[Spatial localization data]
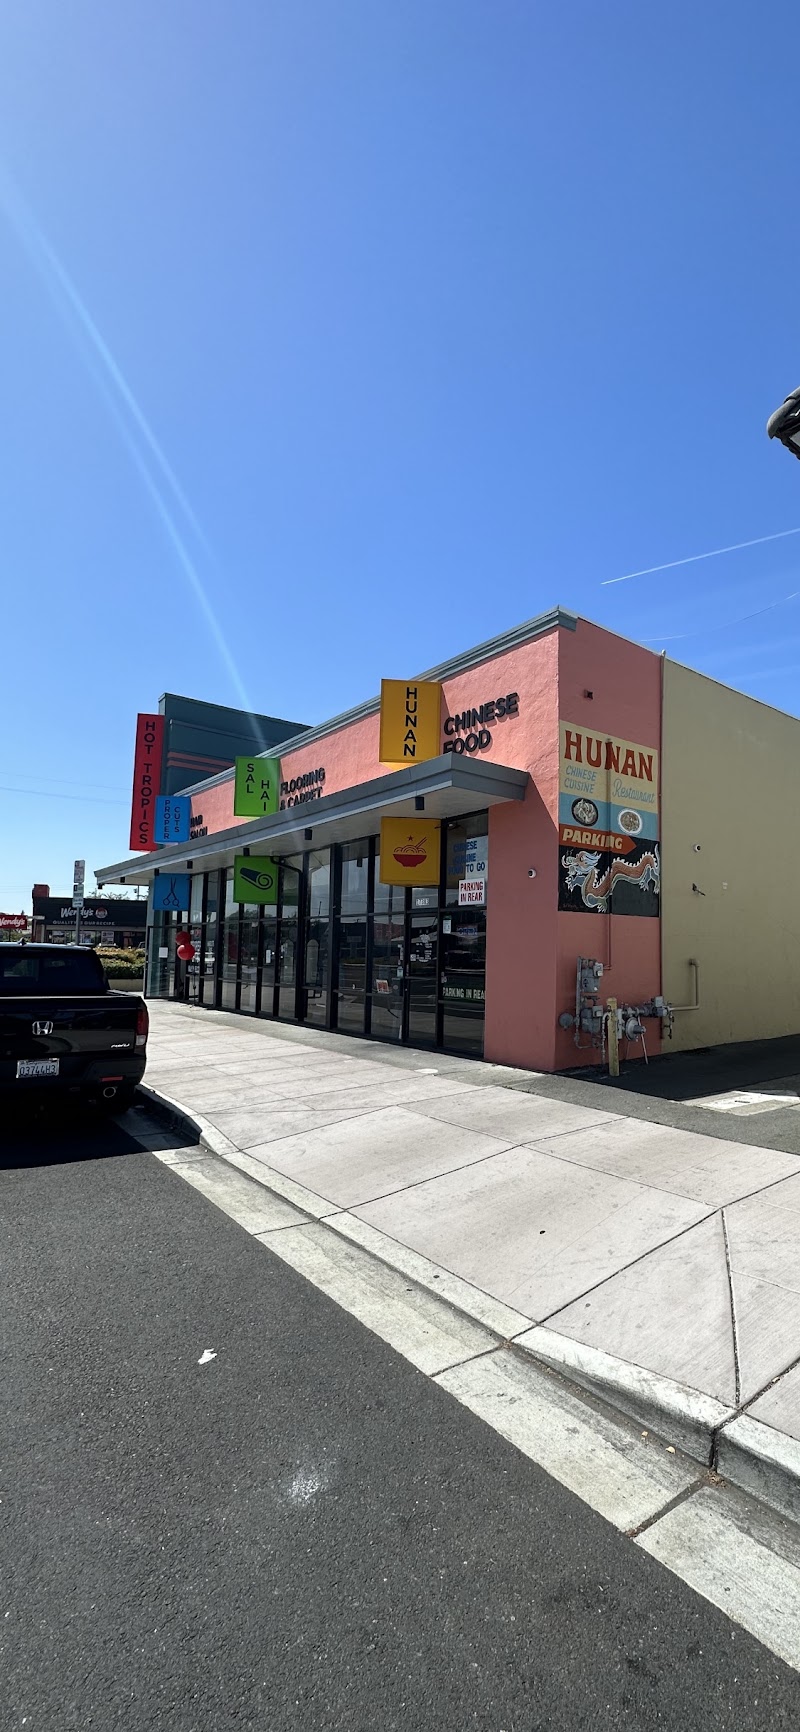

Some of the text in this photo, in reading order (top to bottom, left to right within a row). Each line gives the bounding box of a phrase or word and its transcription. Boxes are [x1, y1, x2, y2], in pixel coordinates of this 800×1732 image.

[404, 687, 417, 757] HUNAN
[443, 692, 519, 736] CHINESE
[443, 729, 492, 755] FOOD
[564, 729, 654, 782] HUNAN
[139, 721, 156, 845] HOT TROPICS
[246, 763, 255, 794] SAL
[280, 767, 326, 796] FLOORING
[564, 778, 595, 794] CUISINE
[565, 765, 598, 781] CHINESE
[260, 779, 270, 812] HAI
[612, 778, 655, 804] Restaurant
[163, 800, 171, 840] PROPER
[562, 828, 623, 850] PARKING
[466, 864, 474, 873] TO
[476, 862, 486, 871] GO
[460, 881, 484, 892] PARKING
[461, 892, 483, 903] IN REAR
[442, 987, 486, 999] PARKING IN REA
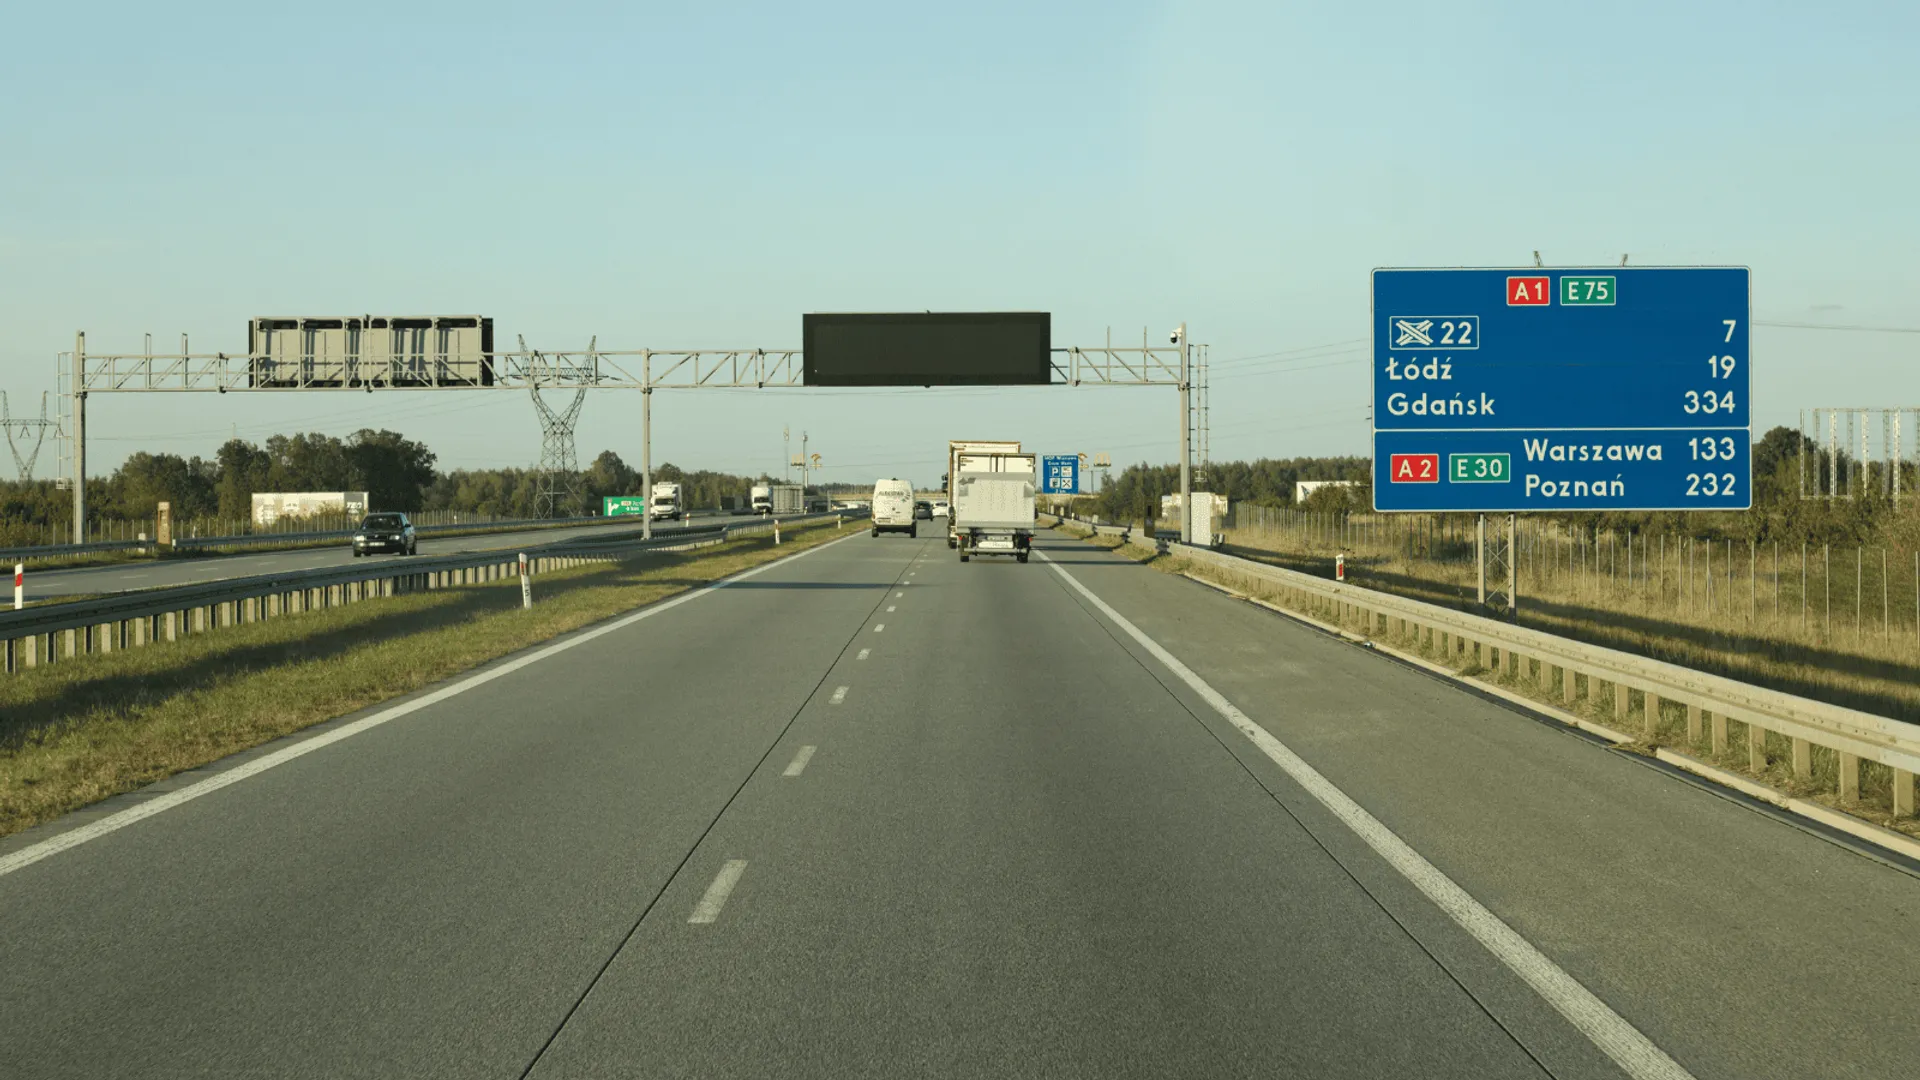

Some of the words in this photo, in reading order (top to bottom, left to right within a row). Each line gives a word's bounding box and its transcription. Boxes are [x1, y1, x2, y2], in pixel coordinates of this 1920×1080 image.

[1440, 321, 1472, 344] 22
[1723, 319, 1737, 343] 7
[1385, 357, 1452, 381] Łódź
[1708, 355, 1736, 379] 19
[1387, 392, 1495, 416] Gdańsk
[1683, 390, 1736, 414] 334
[1523, 438, 1662, 461] Warszawa
[1688, 436, 1736, 461] 133
[1525, 473, 1625, 497] Poznań
[1686, 472, 1736, 496] 232

WHAT TO PRODUCE =>
Write the records out exactly, dropping every image.

RESULT =>
Some of the text in this photo, in reading order (top to bottom, left to right within a row). Each line gives the bounding box of a phrase or word and its transcription. Boxes are [x1, y1, x2, y2], in pixel coordinates of this 800×1732 image.

[404, 687, 417, 757] HUNAN
[443, 692, 519, 736] CHINESE
[443, 729, 492, 755] FOOD
[564, 729, 654, 782] HUNAN
[139, 721, 156, 845] HOT TROPICS
[246, 763, 255, 794] SAL
[280, 767, 326, 796] FLOORING
[564, 778, 595, 794] CUISINE
[565, 765, 598, 781] CHINESE
[260, 779, 270, 812] HAI
[612, 778, 655, 804] Restaurant
[163, 800, 171, 840] PROPER
[562, 828, 623, 850] PARKING
[466, 864, 474, 873] TO
[476, 862, 486, 871] GO
[460, 881, 484, 892] PARKING
[461, 892, 483, 903] IN REAR
[442, 987, 486, 999] PARKING IN REA

Some of the words in this photo, in reading order (top to bottom, left to right within a row). Each line gives a word's bounding box and its transcription. Boxes are [x1, y1, x2, y2], in pixel coordinates of this 1920×1080 image.

[1440, 321, 1472, 344] 22
[1723, 319, 1737, 343] 7
[1385, 357, 1452, 381] Łódź
[1708, 355, 1736, 379] 19
[1387, 392, 1495, 416] Gdańsk
[1683, 390, 1736, 414] 334
[1523, 438, 1662, 461] Warszawa
[1688, 436, 1736, 461] 133
[1525, 473, 1625, 497] Poznań
[1686, 472, 1736, 496] 232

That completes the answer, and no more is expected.